By Lisa Mascaro and Darlene Superville

The White House said Monday that President Joe Biden is awaiting an infrastructure counteroffer from Senate Republicans after a core group of GOP negotiators rejected his latest $1.7 trillion proposal, leaving the fragile talks on a compromise at a standstill before a Memorial Day deadline.

White House Press Secretary Jen Psaki said the president is “eager to engage" and would welcome more talks with the senators. But she said the Republicans have “a ways more to go” to find common ground. Biden dropped $500 billion from his initial $2.3 trillion offer, and Psaki said the Republicans raised their $568 billion offer by about $50 billion. Republicans have rejected Biden's plan to pay for the road and broadband spending with a corporate tax increase.

“The ball is in the Republicans' court,” Psaki said at the White House briefing.

On Monday, the president will be hosting Alaska’s Republican congressional delegation to the White House for a bill signing ceremony on an unrelated cruise ship tourism measure. That's meant as a signal of potential areas of bipartisanship. The invited lawmakers could be key players in any infrastructure deal.

With a deadline a week away, the White House and Senate Republicans remain far apart after nearly two weeks of closed-door talks between Biden's team and senators. The lack of progress on Biden's effort to strike a bipartisan agreement has Democrats considering whether they should leave Republicans behind and try to pass his top priority on their own.

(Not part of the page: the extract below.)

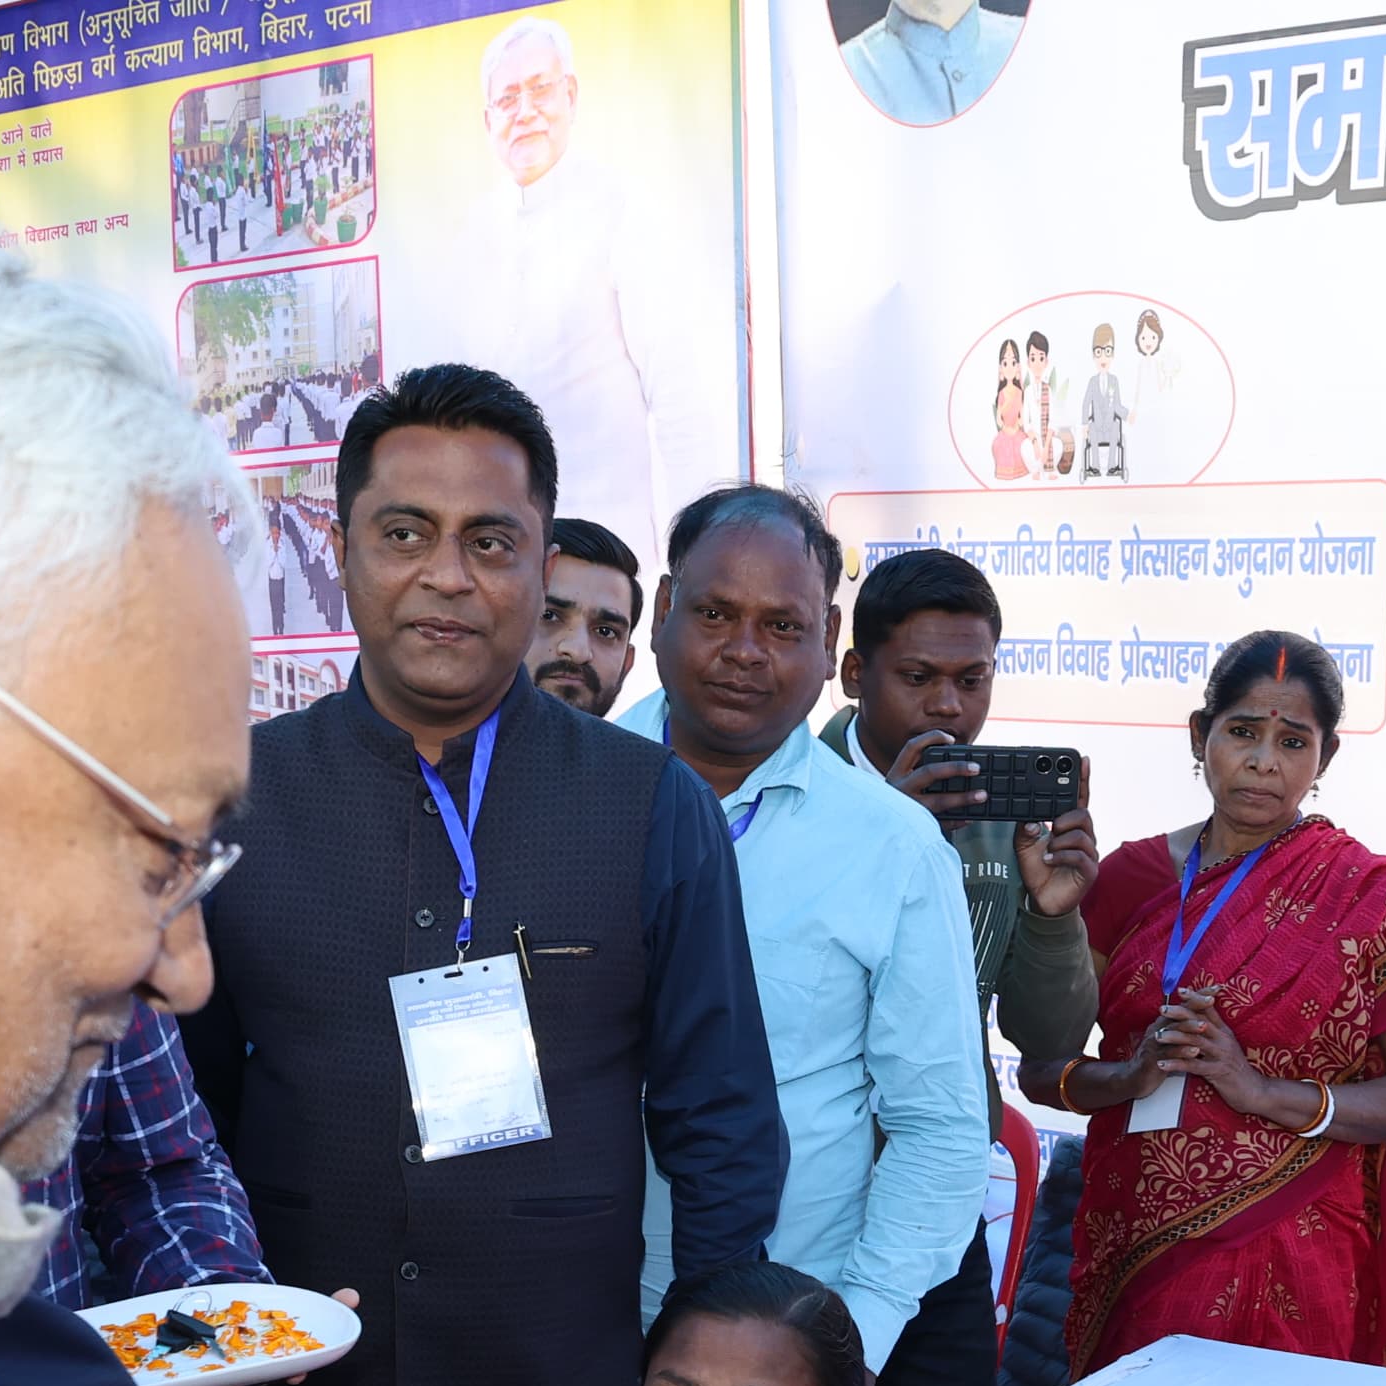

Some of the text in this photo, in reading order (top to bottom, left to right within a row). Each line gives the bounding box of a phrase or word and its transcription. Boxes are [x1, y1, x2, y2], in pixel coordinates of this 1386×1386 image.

Psaki insisted no decisions had been made and expected more talks this week. Asked if Biden might move ahead with his infrastructure plans without Republican support, she said, “We're not quite there yet.”

Democrats hold only slim majorities in the House and Senate, and the administration will face other problems trying to find an agreement with sufficient support from within the president's own party for the big spending. Republicans, who risk political fallout from doing nothing on potentially popular proposals, have resisted Biden's approach as excessive. Late Friday, the group led by Sen. Shelley Moore Capito, R-W.Va., rejected Biden's counteroffer and suggested the two sides were moving farther apart.

“We're eager to see their proposal and see what they have to offer,” Psaki said.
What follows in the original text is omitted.